What to work on => Repeat the records exactly. Leave out the pictures.

Input material =>
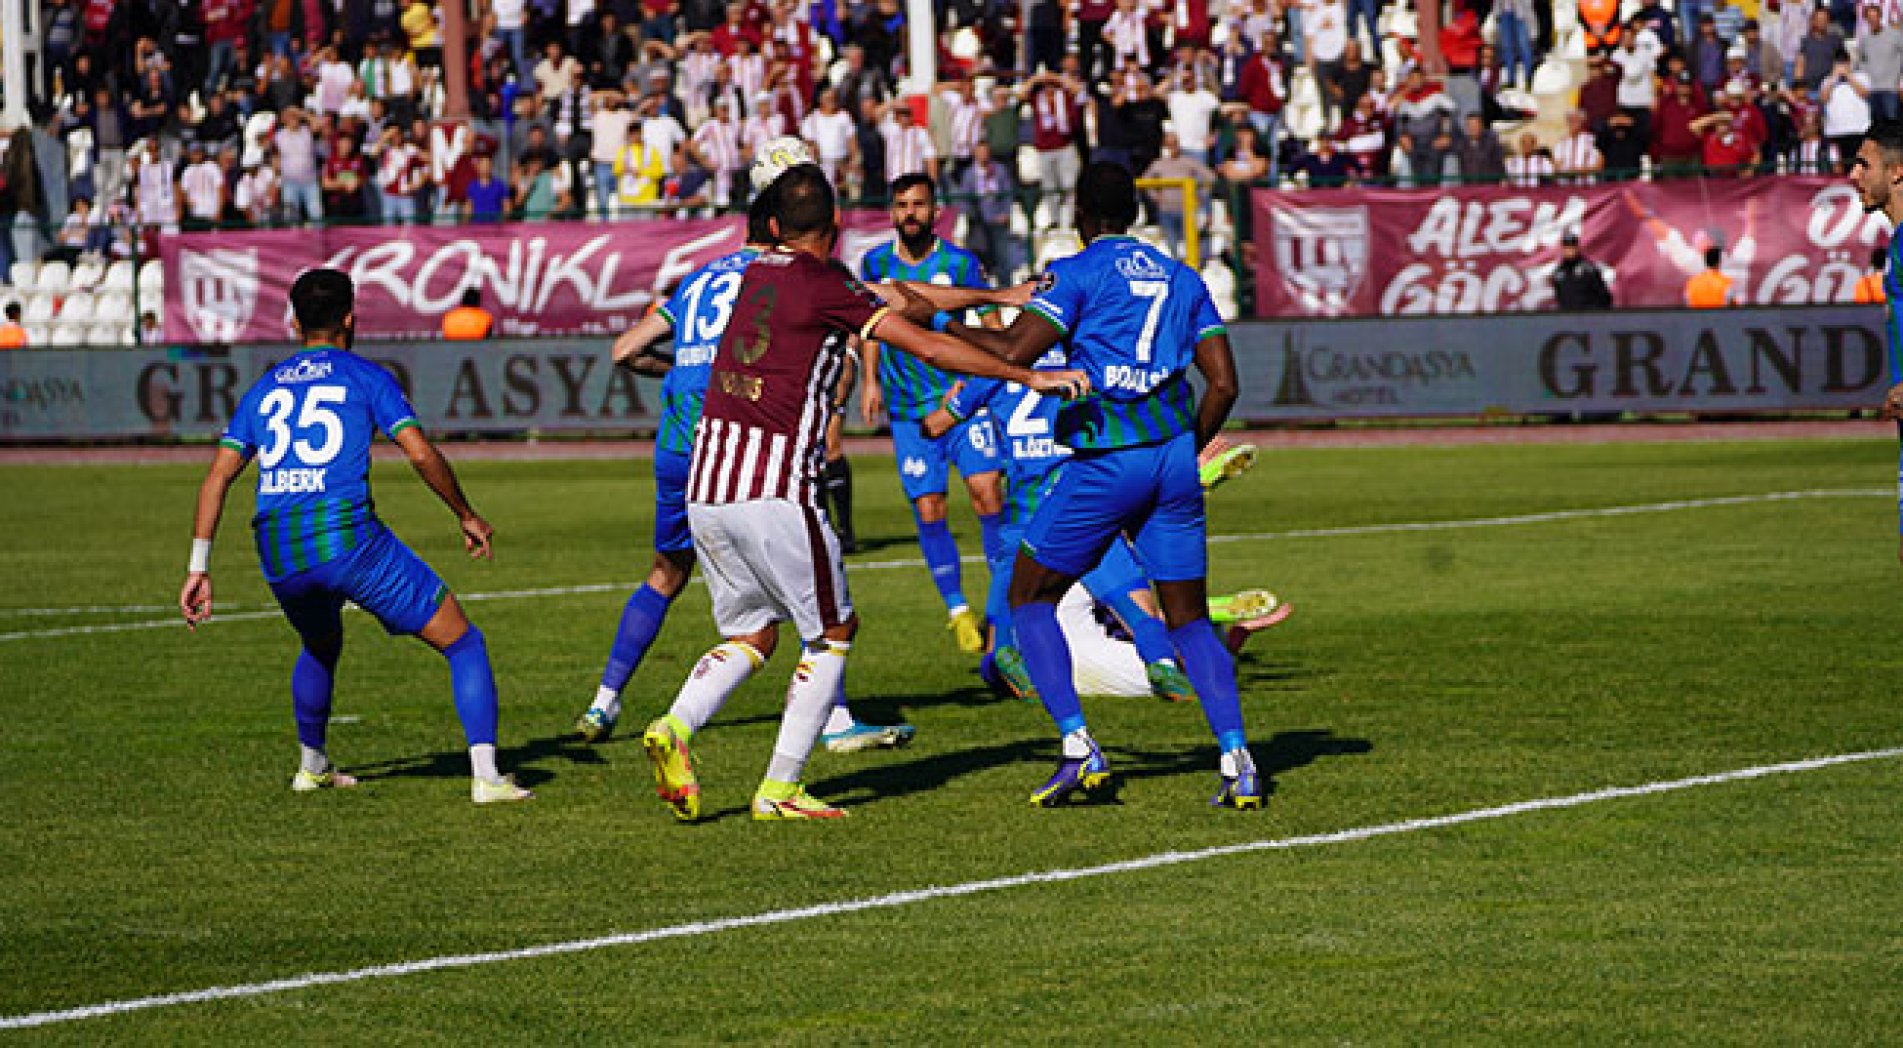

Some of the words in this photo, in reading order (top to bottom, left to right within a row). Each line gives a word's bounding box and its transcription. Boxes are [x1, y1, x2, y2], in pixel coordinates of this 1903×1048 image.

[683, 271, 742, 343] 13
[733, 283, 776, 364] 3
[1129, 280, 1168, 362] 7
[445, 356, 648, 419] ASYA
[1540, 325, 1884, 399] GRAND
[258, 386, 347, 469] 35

Response to the exercise =>
Some of the words in this photo, in reading order (top to bottom, left to right within a row). Each line gives a word's bounding box and its transcription. Boxes are [x1, y1, x2, y2], in pixel coordinates of this 1903×1048 image.

[683, 271, 742, 343] 13
[733, 283, 776, 364] 3
[1129, 280, 1168, 362] 7
[445, 356, 648, 419] ASYA
[1540, 325, 1884, 399] GRAND
[258, 386, 347, 469] 35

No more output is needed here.